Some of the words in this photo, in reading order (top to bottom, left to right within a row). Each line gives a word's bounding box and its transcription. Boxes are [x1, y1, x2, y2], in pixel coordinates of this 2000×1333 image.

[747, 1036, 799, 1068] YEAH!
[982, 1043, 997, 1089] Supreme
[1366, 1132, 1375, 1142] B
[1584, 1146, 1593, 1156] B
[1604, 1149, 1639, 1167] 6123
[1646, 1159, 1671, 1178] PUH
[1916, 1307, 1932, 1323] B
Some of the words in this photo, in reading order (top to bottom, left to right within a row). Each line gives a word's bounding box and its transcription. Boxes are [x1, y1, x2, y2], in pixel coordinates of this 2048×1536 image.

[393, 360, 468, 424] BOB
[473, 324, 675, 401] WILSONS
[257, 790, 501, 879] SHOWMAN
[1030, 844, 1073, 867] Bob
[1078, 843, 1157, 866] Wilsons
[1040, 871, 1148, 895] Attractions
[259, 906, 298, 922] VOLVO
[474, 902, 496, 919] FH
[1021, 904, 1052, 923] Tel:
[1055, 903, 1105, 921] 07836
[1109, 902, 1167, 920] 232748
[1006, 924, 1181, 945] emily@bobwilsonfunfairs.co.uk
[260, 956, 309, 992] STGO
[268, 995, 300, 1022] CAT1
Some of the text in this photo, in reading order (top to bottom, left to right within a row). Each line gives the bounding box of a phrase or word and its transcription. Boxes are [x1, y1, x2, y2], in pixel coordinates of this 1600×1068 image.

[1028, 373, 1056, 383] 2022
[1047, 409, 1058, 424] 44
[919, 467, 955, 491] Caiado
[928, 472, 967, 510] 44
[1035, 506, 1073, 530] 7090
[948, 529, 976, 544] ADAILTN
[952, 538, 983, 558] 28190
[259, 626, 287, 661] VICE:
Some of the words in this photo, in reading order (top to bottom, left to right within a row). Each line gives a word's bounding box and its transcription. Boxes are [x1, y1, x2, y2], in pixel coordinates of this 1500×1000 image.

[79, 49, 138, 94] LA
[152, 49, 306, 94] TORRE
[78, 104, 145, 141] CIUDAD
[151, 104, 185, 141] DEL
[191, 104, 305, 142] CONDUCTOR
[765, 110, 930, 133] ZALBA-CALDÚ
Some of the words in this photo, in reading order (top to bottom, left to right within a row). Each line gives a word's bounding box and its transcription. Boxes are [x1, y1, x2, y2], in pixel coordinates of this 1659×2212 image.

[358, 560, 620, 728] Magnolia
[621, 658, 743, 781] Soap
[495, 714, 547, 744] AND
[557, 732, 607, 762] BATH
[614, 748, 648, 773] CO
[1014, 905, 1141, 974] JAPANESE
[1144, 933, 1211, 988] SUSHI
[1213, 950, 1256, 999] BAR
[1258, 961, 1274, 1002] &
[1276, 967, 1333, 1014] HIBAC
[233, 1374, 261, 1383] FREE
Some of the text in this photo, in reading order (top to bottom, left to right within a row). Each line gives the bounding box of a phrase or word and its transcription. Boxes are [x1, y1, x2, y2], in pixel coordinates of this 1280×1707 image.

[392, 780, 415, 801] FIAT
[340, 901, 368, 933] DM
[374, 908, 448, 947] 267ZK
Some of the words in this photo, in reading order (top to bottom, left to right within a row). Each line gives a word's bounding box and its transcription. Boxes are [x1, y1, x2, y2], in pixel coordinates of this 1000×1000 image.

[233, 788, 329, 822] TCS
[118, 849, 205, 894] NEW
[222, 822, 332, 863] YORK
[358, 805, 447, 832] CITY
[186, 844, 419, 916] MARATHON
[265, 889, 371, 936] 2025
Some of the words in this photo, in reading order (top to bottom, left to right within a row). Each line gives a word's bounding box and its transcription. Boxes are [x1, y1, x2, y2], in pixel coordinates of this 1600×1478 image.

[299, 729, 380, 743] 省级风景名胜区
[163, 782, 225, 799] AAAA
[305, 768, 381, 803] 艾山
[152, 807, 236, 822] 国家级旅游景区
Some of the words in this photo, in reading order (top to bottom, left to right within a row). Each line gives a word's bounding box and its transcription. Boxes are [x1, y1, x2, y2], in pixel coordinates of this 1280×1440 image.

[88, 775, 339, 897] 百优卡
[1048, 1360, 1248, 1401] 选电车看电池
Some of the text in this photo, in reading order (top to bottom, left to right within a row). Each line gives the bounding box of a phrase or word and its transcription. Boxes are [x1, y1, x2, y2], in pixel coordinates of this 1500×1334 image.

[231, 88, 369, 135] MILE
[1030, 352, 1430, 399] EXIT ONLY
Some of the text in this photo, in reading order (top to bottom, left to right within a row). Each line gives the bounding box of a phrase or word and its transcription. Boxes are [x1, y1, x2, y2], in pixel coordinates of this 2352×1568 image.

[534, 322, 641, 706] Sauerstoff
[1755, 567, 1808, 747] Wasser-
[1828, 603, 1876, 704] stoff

**WHAT YOU WILL DO:** Each record above should be returned exactly as written.

**EXERCISE OUTPUT:**
Some of the words in this photo, in reading order (top to bottom, left to right within a row). Each line gives a word's bounding box and its transcription. Boxes are [x1, y1, x2, y2], in pixel coordinates of this 2000×1333 image.

[747, 1036, 799, 1068] YEAH!
[982, 1043, 997, 1089] Supreme
[1366, 1132, 1375, 1142] B
[1584, 1146, 1593, 1156] B
[1604, 1149, 1639, 1167] 6123
[1646, 1159, 1671, 1178] PUH
[1916, 1307, 1932, 1323] B
Some of the words in this photo, in reading order (top to bottom, left to right within a row). Each line gives a word's bounding box and its transcription. Boxes are [x1, y1, x2, y2], in pixel coordinates of this 2048×1536 image.

[393, 360, 468, 424] BOB
[473, 324, 675, 401] WILSONS
[257, 790, 501, 879] SHOWMAN
[1030, 844, 1073, 867] Bob
[1078, 843, 1157, 866] Wilsons
[1040, 871, 1148, 895] Attractions
[259, 906, 298, 922] VOLVO
[474, 902, 496, 919] FH
[1021, 904, 1052, 923] Tel:
[1055, 903, 1105, 921] 07836
[1109, 902, 1167, 920] 232748
[1006, 924, 1181, 945] emily@bobwilsonfunfairs.co.uk
[260, 956, 309, 992] STGO
[268, 995, 300, 1022] CAT1
Some of the text in this photo, in reading order (top to bottom, left to right within a row). Each line gives the bounding box of a phrase or word and its transcription. Boxes are [x1, y1, x2, y2], in pixel coordinates of this 1600×1068 image.

[1028, 373, 1056, 383] 2022
[1047, 409, 1058, 424] 44
[919, 467, 955, 491] Caiado
[928, 472, 967, 510] 44
[1035, 506, 1073, 530] 7090
[948, 529, 976, 544] ADAILTN
[952, 538, 983, 558] 28190
[259, 626, 287, 661] VICE:
Some of the words in this photo, in reading order (top to bottom, left to right within a row). Each line gives a word's bounding box and its transcription. Boxes are [x1, y1, x2, y2], in pixel coordinates of this 1500×1000 image.

[79, 49, 138, 94] LA
[152, 49, 306, 94] TORRE
[78, 104, 145, 141] CIUDAD
[151, 104, 185, 141] DEL
[191, 104, 305, 142] CONDUCTOR
[765, 110, 930, 133] ZALBA-CALDÚ
Some of the words in this photo, in reading order (top to bottom, left to right within a row). Each line gives a word's bounding box and its transcription. Boxes are [x1, y1, x2, y2], in pixel coordinates of this 1659×2212 image.

[358, 560, 620, 728] Magnolia
[621, 658, 743, 781] Soap
[495, 714, 547, 744] AND
[557, 732, 607, 762] BATH
[614, 748, 648, 773] CO
[1014, 905, 1141, 974] JAPANESE
[1144, 933, 1211, 988] SUSHI
[1213, 950, 1256, 999] BAR
[1258, 961, 1274, 1002] &
[1276, 967, 1333, 1014] HIBAC
[233, 1374, 261, 1383] FREE
Some of the text in this photo, in reading order (top to bottom, left to right within a row). Each line gives the bounding box of a phrase or word and its transcription. Boxes are [x1, y1, x2, y2], in pixel coordinates of this 1280×1707 image.

[392, 780, 415, 801] FIAT
[340, 901, 368, 933] DM
[374, 908, 448, 947] 267ZK
Some of the words in this photo, in reading order (top to bottom, left to right within a row). Each line gives a word's bounding box and its transcription. Boxes are [x1, y1, x2, y2], in pixel coordinates of this 1000×1000 image.

[233, 788, 329, 822] TCS
[118, 849, 205, 894] NEW
[222, 822, 332, 863] YORK
[358, 805, 447, 832] CITY
[186, 844, 419, 916] MARATHON
[265, 889, 371, 936] 2025
Some of the words in this photo, in reading order (top to bottom, left to right within a row). Each line gives a word's bounding box and its transcription. Boxes are [x1, y1, x2, y2], in pixel coordinates of this 1600×1478 image.

[299, 729, 380, 743] 省级风景名胜区
[163, 782, 225, 799] AAAA
[305, 768, 381, 803] 艾山
[152, 807, 236, 822] 国家级旅游景区
Some of the words in this photo, in reading order (top to bottom, left to right within a row). Each line gives a word's bounding box and its transcription. Boxes are [x1, y1, x2, y2], in pixel coordinates of this 1280×1440 image.

[88, 775, 339, 897] 百优卡
[1048, 1360, 1248, 1401] 选电车看电池
Some of the text in this photo, in reading order (top to bottom, left to right within a row). Each line gives the bounding box of a phrase or word and its transcription. Boxes are [x1, y1, x2, y2], in pixel coordinates of this 1500×1334 image.

[231, 88, 369, 135] MILE
[1030, 352, 1430, 399] EXIT ONLY
Some of the text in this photo, in reading order (top to bottom, left to right within a row). Each line gives the bounding box of a phrase or word and its transcription. Boxes are [x1, y1, x2, y2], in pixel coordinates of this 2352×1568 image.

[534, 322, 641, 706] Sauerstoff
[1755, 567, 1808, 747] Wasser-
[1828, 603, 1876, 704] stoff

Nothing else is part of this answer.